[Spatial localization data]
——

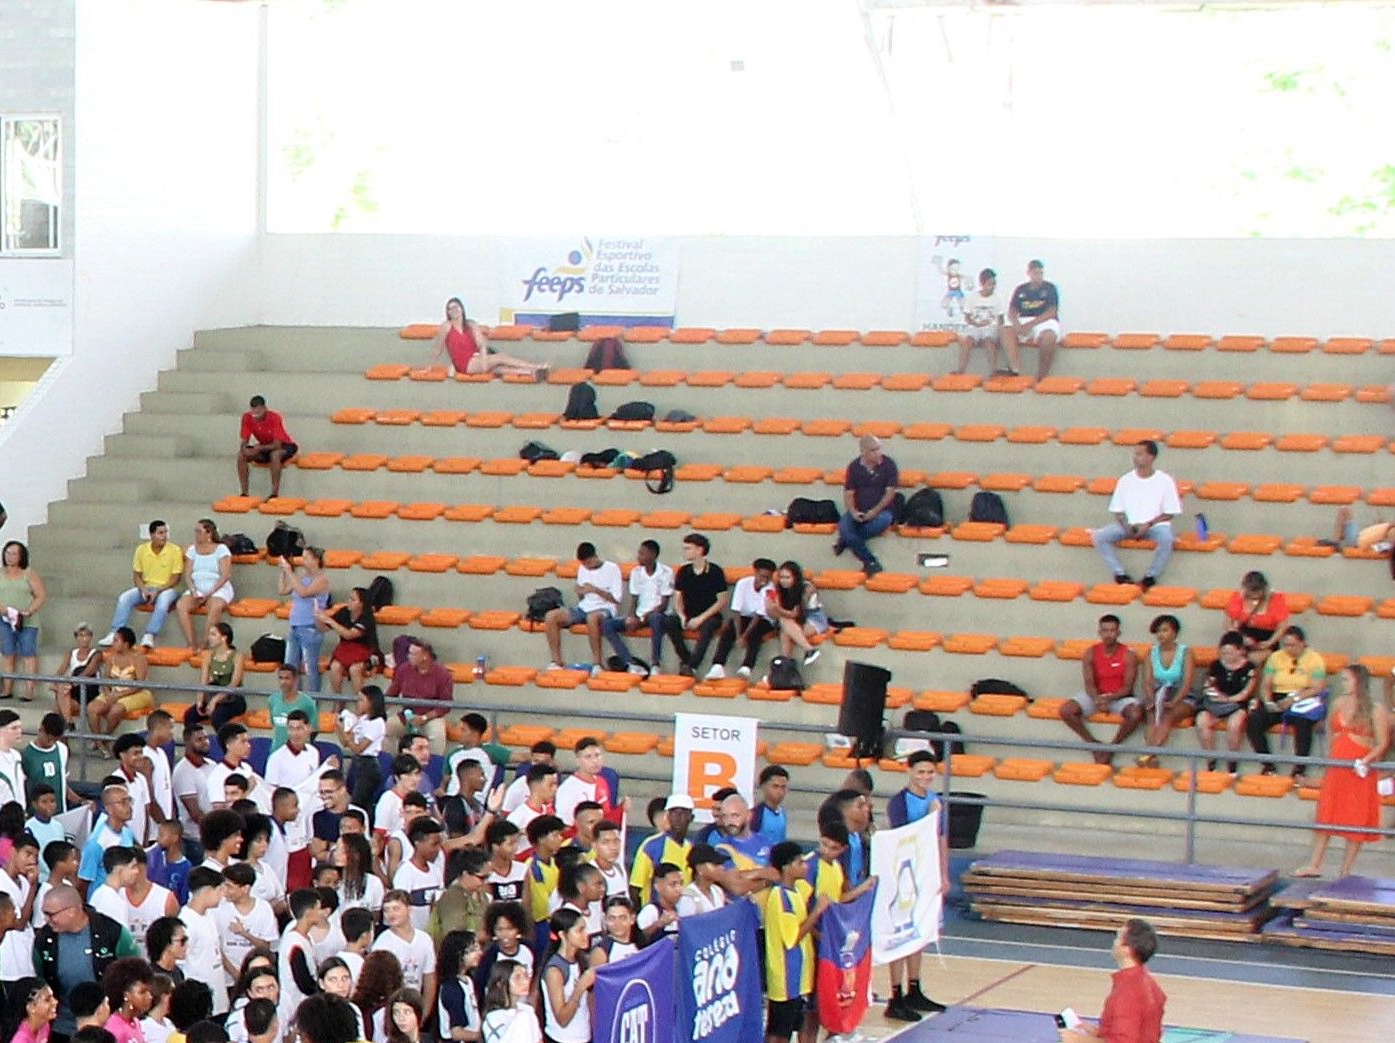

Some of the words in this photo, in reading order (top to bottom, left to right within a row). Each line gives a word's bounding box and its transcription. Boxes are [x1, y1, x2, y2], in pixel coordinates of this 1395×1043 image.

[595, 251, 652, 263] Esportivo
[593, 262, 615, 273] das
[618, 262, 660, 273] Escolas
[522, 267, 587, 302] feeps
[590, 273, 661, 285] Particulares
[588, 284, 605, 295] de
[608, 284, 660, 296] Salvador
[691, 726, 741, 741] SETOR
[688, 750, 737, 810] B
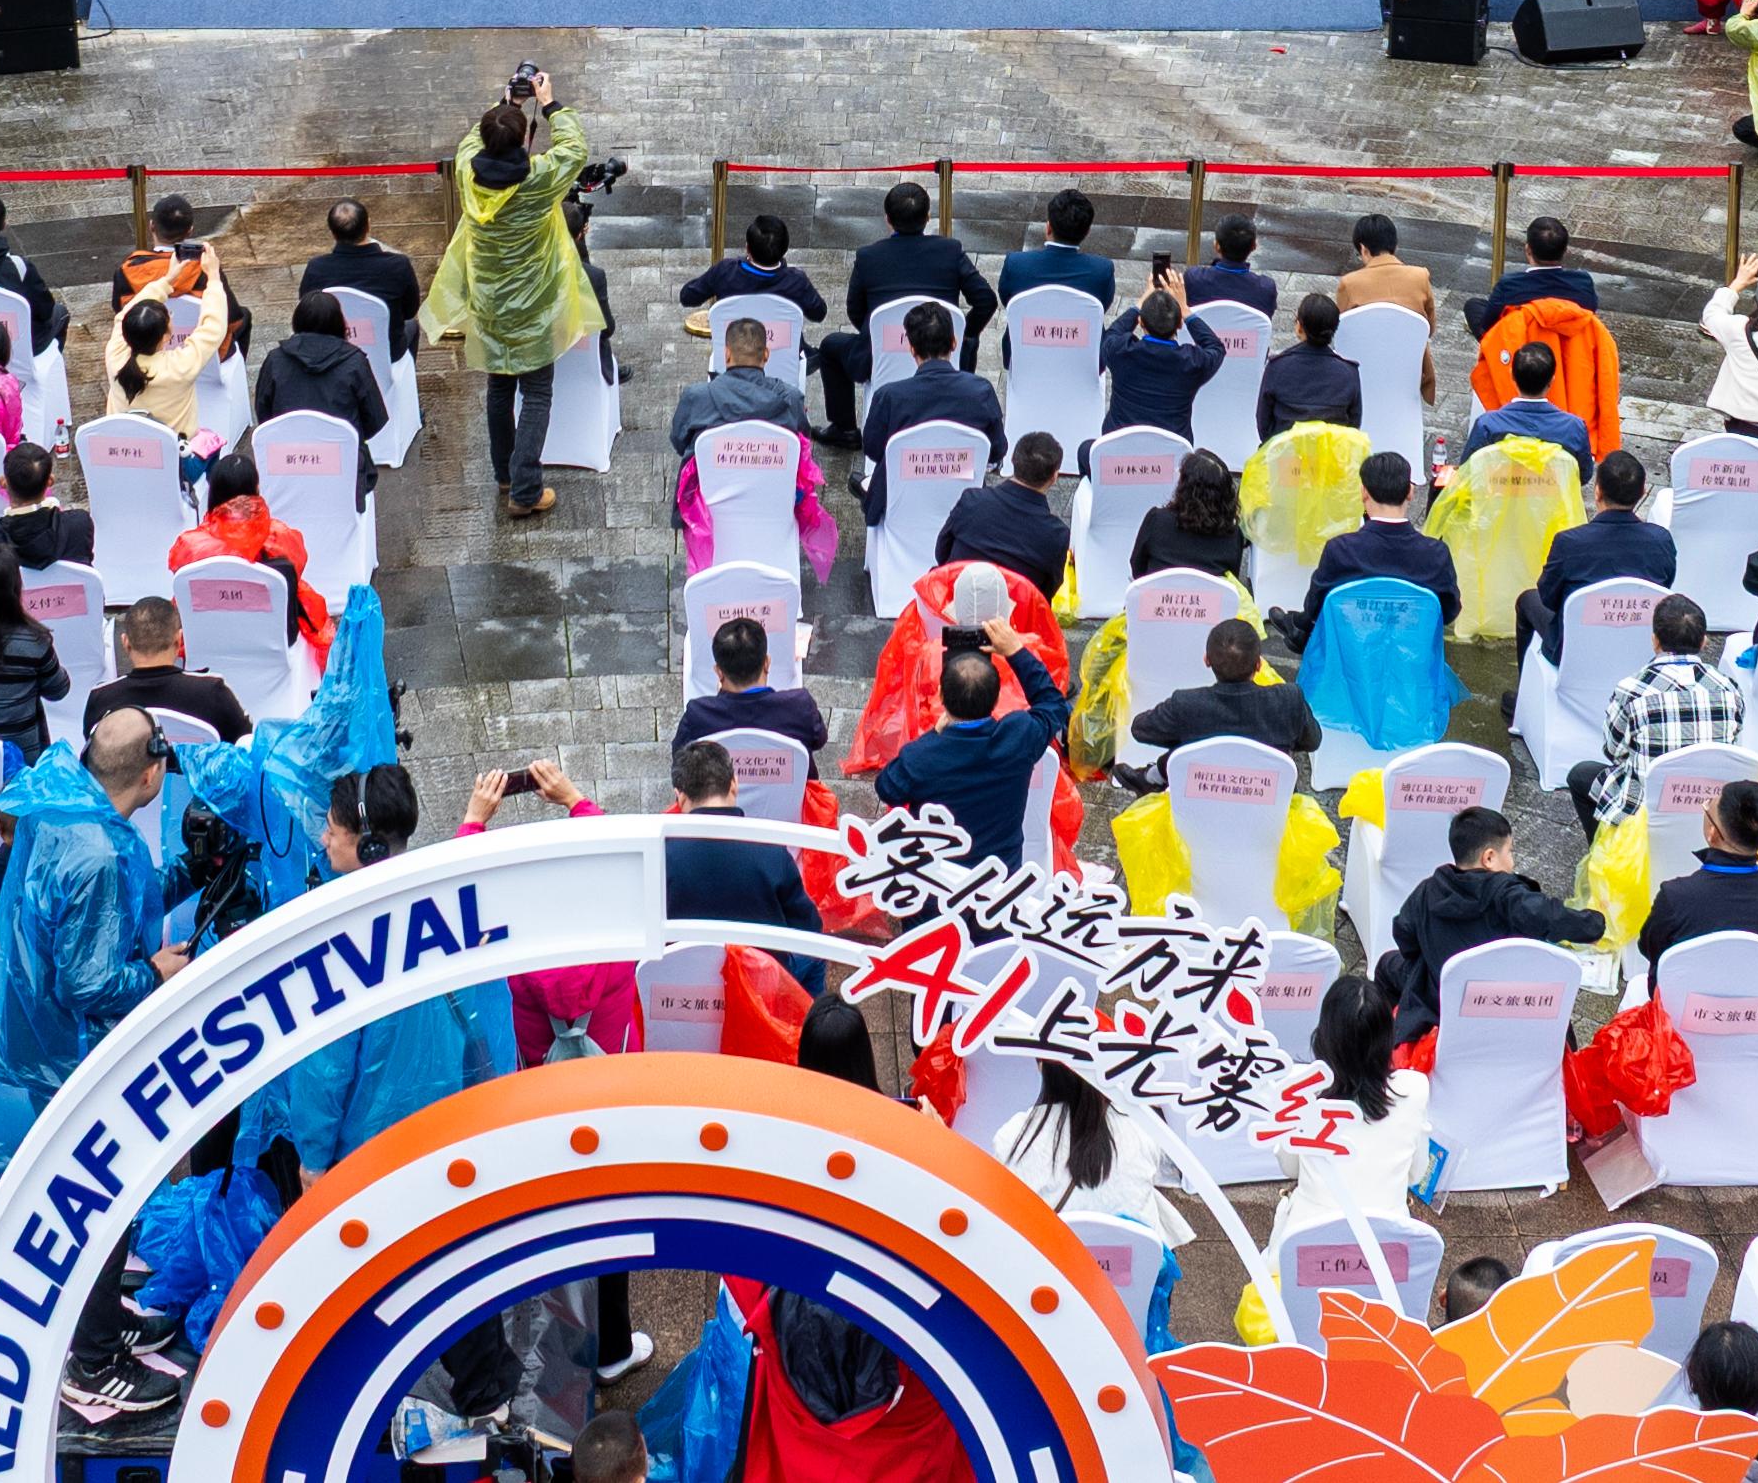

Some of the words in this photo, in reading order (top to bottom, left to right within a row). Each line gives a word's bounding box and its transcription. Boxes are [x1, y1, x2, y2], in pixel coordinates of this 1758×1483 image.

[1033, 326, 1079, 339] 黄利泽
[108, 446, 144, 458] 新华社
[723, 441, 779, 452] 市文化广电
[286, 454, 321, 464] 新华社
[717, 453, 784, 465] 体育和旅游局
[909, 452, 968, 463] 市自然资源
[914, 464, 961, 475] 和规划局
[1114, 465, 1161, 475] 市林业局
[1710, 464, 1745, 474] 市新闻
[1701, 475, 1751, 487] 传媒集团
[219, 590, 243, 600] 美团
[1161, 594, 1200, 605] 南江县
[29, 597, 66, 610] 支付宝
[1600, 598, 1651, 609] 平昌县委
[1154, 607, 1206, 618] 委宣传部
[1604, 610, 1642, 621] 宣传部
[736, 767, 781, 777] 和旅游局
[1194, 773, 1271, 786] 南江县文化广电
[1198, 782, 1264, 796] 体育和旅游局
[1400, 785, 1476, 795] 通江县文化广电
[1671, 784, 1722, 794] 平昌县文化
[1404, 793, 1468, 805] 体育和旅游局
[845, 811, 1265, 1013] 客从远方来
[1254, 986, 1313, 997] 文旅集团
[661, 998, 725, 1009] 市文旅集
[1474, 995, 1554, 1006] 市文旅集团
[122, 883, 510, 1144] FESTIVAL
[849, 923, 1354, 1157] AI上光雾红
[1316, 1259, 1370, 1272] 工作人

——

Write out the data above exactly as it appears, but without any image.

**WRITTEN ANSWER**
Some of the words in this photo, in reading order (top to bottom, left to right within a row). Each line gives a word's bounding box and its transcription. Boxes are [x1, y1, x2, y2], in pixel coordinates of this 1395×1043 image.

[595, 251, 652, 263] Esportivo
[593, 262, 615, 273] das
[618, 262, 660, 273] Escolas
[522, 267, 587, 302] feeps
[590, 273, 661, 285] Particulares
[588, 284, 605, 295] de
[608, 284, 660, 296] Salvador
[691, 726, 741, 741] SETOR
[688, 750, 737, 810] B

Some of the words in this photo, in reading order (top to bottom, left to right within a row). Each line gives a word's bounding box and its transcription. Boxes are [x1, y1, x2, y2], in pixel coordinates of this 1758×1483 image.

[1033, 326, 1079, 339] 黄利泽
[108, 446, 144, 458] 新华社
[723, 441, 779, 452] 市文化广电
[286, 454, 321, 464] 新华社
[717, 453, 784, 465] 体育和旅游局
[909, 452, 968, 463] 市自然资源
[914, 464, 961, 475] 和规划局
[1114, 465, 1161, 475] 市林业局
[1710, 464, 1745, 474] 市新闻
[1701, 475, 1751, 487] 传媒集团
[219, 590, 243, 600] 美团
[1161, 594, 1200, 605] 南江县
[29, 597, 66, 610] 支付宝
[1600, 598, 1651, 609] 平昌县委
[1154, 607, 1206, 618] 委宣传部
[1604, 610, 1642, 621] 宣传部
[736, 767, 781, 777] 和旅游局
[1194, 773, 1271, 786] 南江县文化广电
[1198, 782, 1264, 796] 体育和旅游局
[1400, 785, 1476, 795] 通江县文化广电
[1671, 784, 1722, 794] 平昌县文化
[1404, 793, 1468, 805] 体育和旅游局
[845, 811, 1265, 1013] 客从远方来
[1254, 986, 1313, 997] 文旅集团
[661, 998, 725, 1009] 市文旅集
[1474, 995, 1554, 1006] 市文旅集团
[122, 883, 510, 1144] FESTIVAL
[849, 923, 1354, 1157] AI上光雾红
[1316, 1259, 1370, 1272] 工作人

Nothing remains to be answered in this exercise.